Möller: Ein Grund ist etwa, dass es immer viele Patienten gibt, die sehr gut, und solche, die sehr schlecht ansprechen. Ich kann also nur im Einzelfall sagen, dass das Antidepressivum gut wirkt. Und Aussagen über den Einzelfall kriegt man viel besser, wenn man Responder-Analysen macht, also schaut, wie viele der Patienten auf die Therapie ansprechen. Da bekommt man eine Differenz von etwa 20 Prozentpunkten zwischen Verum und Placebo. Das entspricht einer Number-Needed-to-Treat von 5 und damit einer mittelstarken bis starken Wirksamkeit. Das ist im Bereich dessen, was internistische Arzneien leisten.

Ärzte Zeitung: Erstaunlich ist aber trotzdem der hohe Placebo-Effekt in Depressionsstudien.

Möller: In klinischen Studien wird die Arznei nicht nur gegen Placebo geprüft. Die Patienten erhalten ja teilweise auch supportiver Psychotherapie und klinisches Management.

Ärzte Zeitung: Die gute Betreuung trägt also zum hohen Placebo-Effekt bei?

Möller: Ja, genau. Durch solche Aspekte wird der Placebo-Effekt in Studien erhöht. Das darf man nicht so naiv interpretieren, wie das Kirsch und Kollegen tun.

Ärzte Zeitung: Das hieße ja, im Alltag, in dem die Patienten nicht so intensiv betreut werden wie in Studien, wäre auch der Placebo-Effekt nicht so hoch. Dann ist die Placebo-Verum-Differenz bei leicht und mittelschwer Depressiven vielleicht ähnlich hoch wie bei schwer Depressiven?
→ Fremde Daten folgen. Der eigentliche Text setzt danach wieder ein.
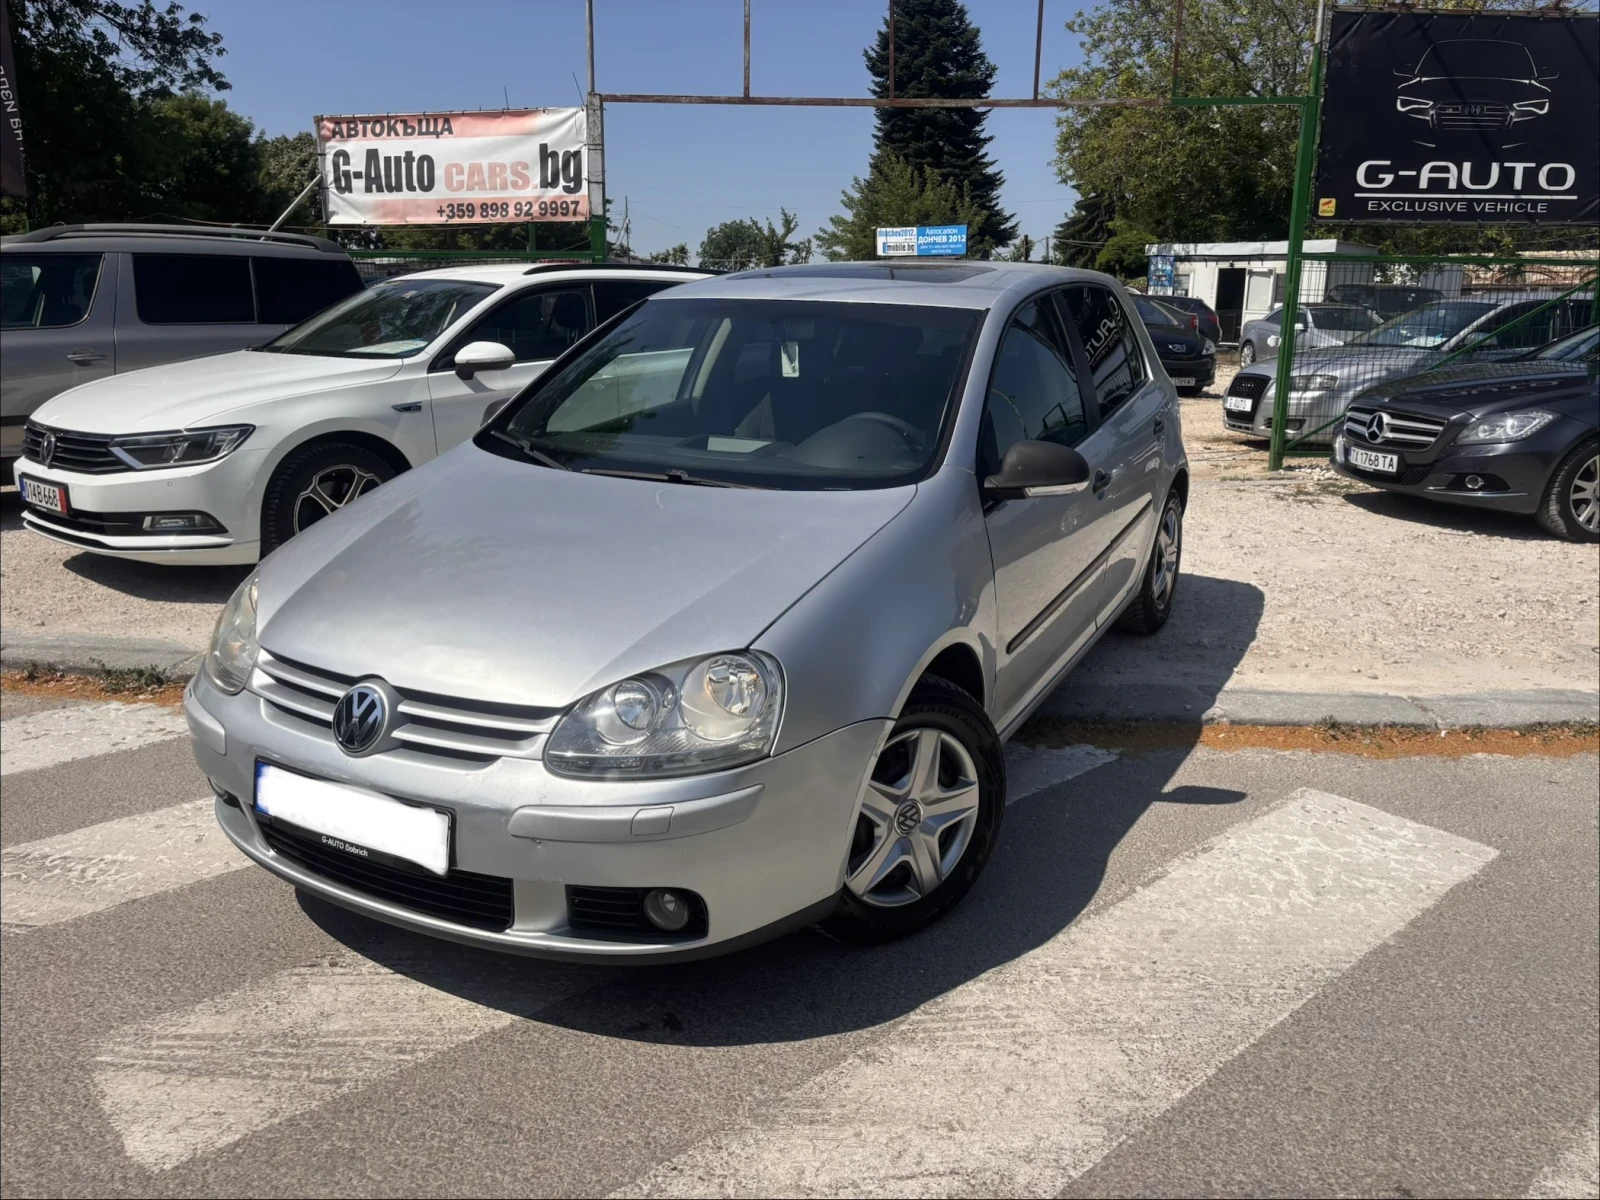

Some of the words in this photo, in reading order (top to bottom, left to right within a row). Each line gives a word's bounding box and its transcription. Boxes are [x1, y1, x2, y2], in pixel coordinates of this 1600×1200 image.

[331, 117, 454, 139] АВТОКЪЩА
[332, 148, 436, 195] G-Auto
[1355, 160, 1576, 191] G-AUTO
[436, 202, 476, 220] +359
[479, 202, 509, 219] 898
[513, 201, 534, 217] 92
[538, 200, 580, 217] 9997
[1367, 200, 1468, 213] EXCLUSIVE
[1472, 201, 1549, 213] VEHICLE
[886, 243, 915, 252] mobile.bg
[918, 235, 948, 245] ДОНЧЕВ
[948, 235, 966, 243] 2012
[1360, 452, 1379, 468] 1768
[1381, 456, 1395, 470] TA
[321, 835, 345, 849] G-AUTO
[345, 843, 369, 857] Dobrich
Möller. Genau. Die Studiensituation ist eine unnatürliche Situation. Sie sagt wenig über den Alltag aus. Wenn ich an unsere Fünf-Minuten-Medizin denke, dann gibt es dort wenig unterstützende, verstehende und empathische Betreuung. Da rückt ein Medikament ins Zentrum, und das hat dann auch viel deutlichere Effekte.

Ärzte Zeitung: Professor Ulrich Hegerl vom Kompetenznetz Depressionen vermutet, dass nach den negativen Schlagzeilen die Suizidrate steigt, weil viele Patienten jetzt ihre Antidepressiva absetzen.

Möller: Ich habe über die Presseberichte inzwischen mit vielen Patienten gesprochen. Gott sei Dank sind viele vernünftig und lassen sich davon nicht beeinflussen. Die Ängstlichen sind jedoch verunsichert. In der Tat machen solche negativen Berichte Jahre von Awarenes-Kampagnen kaputt. Das kann sich durchaus auf die Suizidraten auswirken. So hat die Diskussion um mögliche Suizid-induzierende Wirkungen von Antidepressiva bei Jugendlichen und jungen Erwachsenen etwa in den USA dazu geführt, dass dort plötzlich weniger Antidepressiva verordnet wurden - zugleich ist die Suizidrate gestiegen.

Ärzte Zeitung: Was würden Sie Ärzten mit verunsicherten Patienten raten?

Möller: Weiter zu machen wie bisher und die Medienberichte nicht weiter ernst zu nehmen. Die Meta-Analyse von Kirsch bringt überhaupt nichts Neues. Die Daten sind den Zulassungsbehörden bekannt. Die Antidepressiva, um dies hier geht, sind auf ihre Wirksamkeit und Verträglichkeit geprüft, und es ist State-of-the-Art, depressive Patienten mit modernen Antidepressiva zu behandeln.

Zur Person

Professor Hans-Jürgen Möller ist Direktor der Psychiatrischen Klinik der Ludwig-Maximilians-Universität München und Mitglied zahlreicher psychiatrischer Fachgesellschaften.